My current configuration is wireless and uses a pair of Netgear WNHDE111 5-GHz wireless adapters as an access point (upstairs) and a bridge (downstairs). For testing purposes, I also used a Linksys WRT600n Dual-Band Wireless-N Gigabit Router and a Linksys EG008W Gigabit 8-Port Workgroup Switch.

I decided to test the power-line devices and the 802.11n and wired networks starting with a clean file transfer of 4,661 files and folders (8.05GB) from a computer downstairs to a computer upstairs. Nothing else would be happening on the network while this transfer was in progress. Then, I repeated that file transfer five more times, each time adding a video stream from a MicroNet MaxNAS RAID with SCSI, which I was using as a media server upstairs, to one of five additional PCs downstairs. That indicated how well each method handled file transfers under load and no-load conditions.

As expected, wired was the fastest across all testing. The clean file transfer needed a meager 6.6 minutes to complete, and that time varied by only an infinitesimal 0.05 minutes for all iterations of streaming video.

Wireless was a bit slower and a bit more varied. It took almost 15 minutes to complete the clean file transfer to the upstairs computer. Each time a video stream was added to the network, that number climbed slightly until it finally reached 16 minutes and 50 seconds when five videos were playing simultaneously.

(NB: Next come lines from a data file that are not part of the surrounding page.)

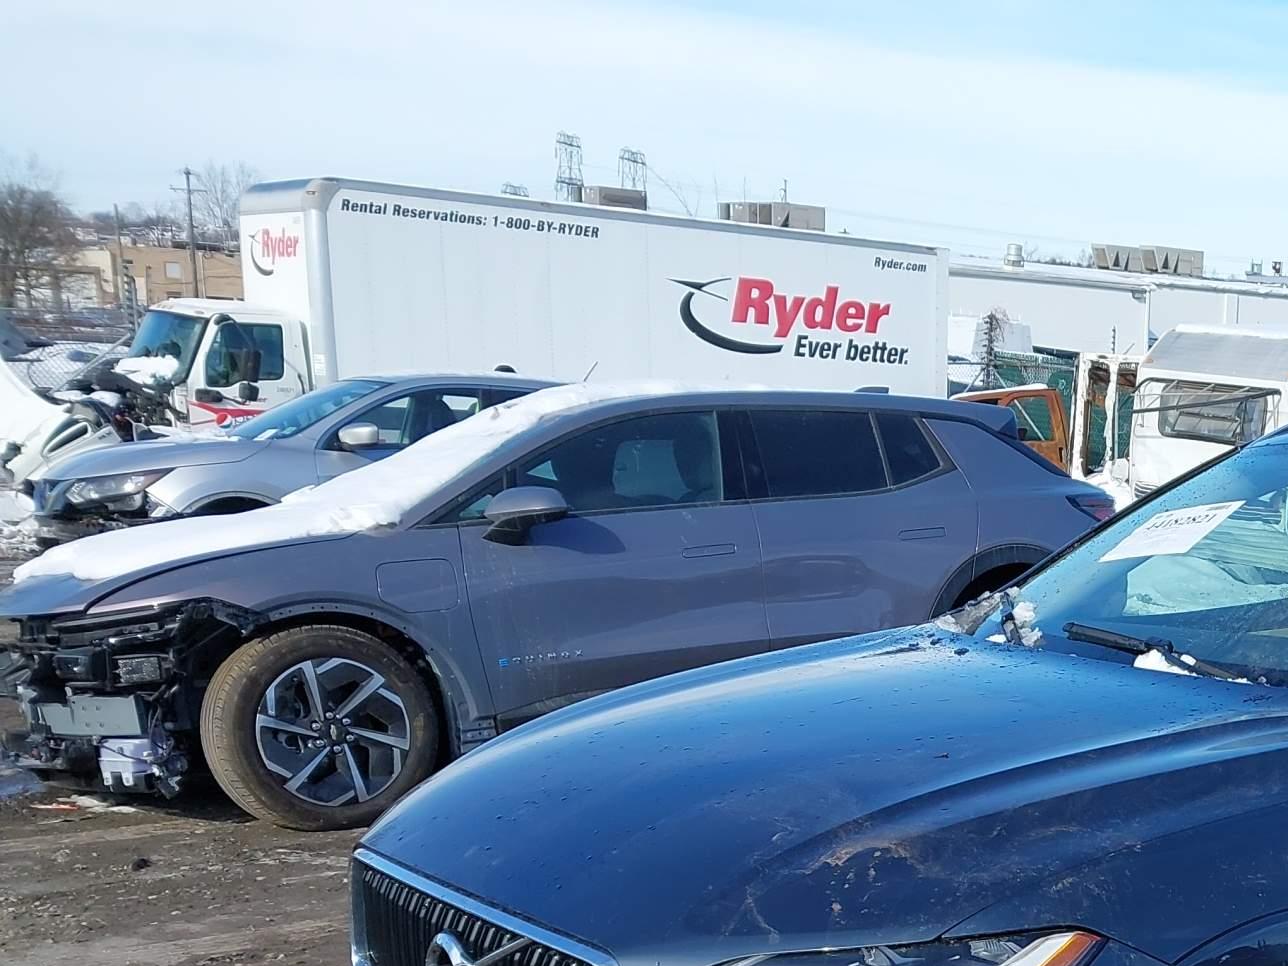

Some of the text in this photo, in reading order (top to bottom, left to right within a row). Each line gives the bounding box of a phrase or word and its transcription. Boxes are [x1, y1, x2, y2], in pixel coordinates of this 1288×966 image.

[341, 199, 600, 239] Rental Reservations: 1-800-BY-RYDER
[261, 227, 299, 265] Ryder
[874, 257, 927, 272] Ryder.com
[731, 277, 891, 338] Ryder
[793, 335, 909, 365] Ever better.

On average, each video stream added about a third of a minute to the final time. The streaming quality of the videos remained the same whether it was one or five playing simultaneously.

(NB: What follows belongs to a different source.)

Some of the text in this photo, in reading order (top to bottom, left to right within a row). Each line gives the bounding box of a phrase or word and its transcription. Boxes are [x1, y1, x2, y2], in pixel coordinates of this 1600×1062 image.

In testing the power-line devices, I started with a room-to-room test where I plugged one of the modules into a relatively new (five-year-old) electrical outlet downstairs and the other module into one of the house's original (over 40-year-old) electrical outlets upstairs. In theory, this is the typical home scenario -- for that reason, no attempt was made to discover if the two outlets were or weren't on the same phase leg, since it is unlikely that the typical home owner would know.

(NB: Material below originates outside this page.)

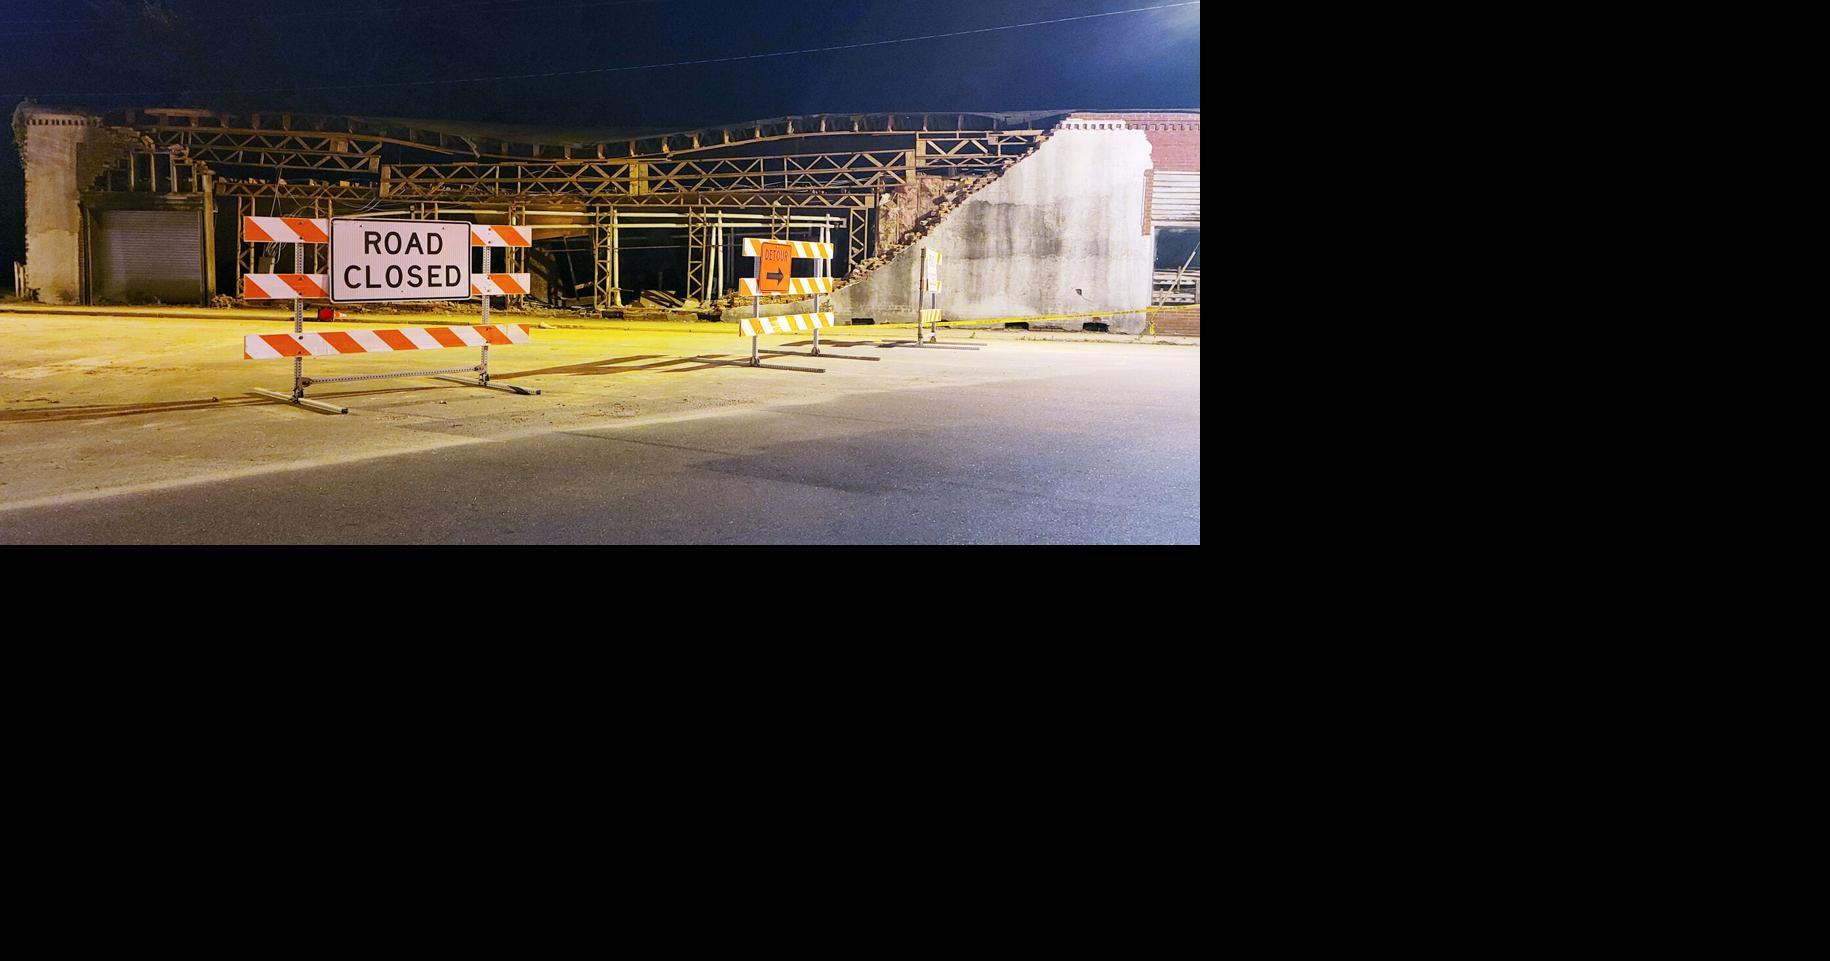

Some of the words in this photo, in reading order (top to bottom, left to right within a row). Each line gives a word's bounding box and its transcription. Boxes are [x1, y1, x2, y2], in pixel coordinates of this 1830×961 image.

[364, 231, 443, 255] ROAD
[765, 249, 789, 262] DETOUR
[343, 264, 462, 289] CLOSED

I also set up the power-line equipment using a 90-foot extension cord into which one of the modules was connected downstairs; that extension cord was then plugged into the same outlet upstairs as the second module. Basically, this represented a connection through a length of electrical wire in which there were no phase leg, aging or wire condition problems. In a new home, or if you had an electrician run two outlets from your breaker box, you would probably find transmission times similar to these. (This was the setup I used when testing the power-line devices with video streams.)

Finally, I plugged the two modules into the same outlet. In theory, with little to no electrical wire between them, this would be the fastest they could communicate with each other under any network load condition, offering performance under what would pass for ideal conditions.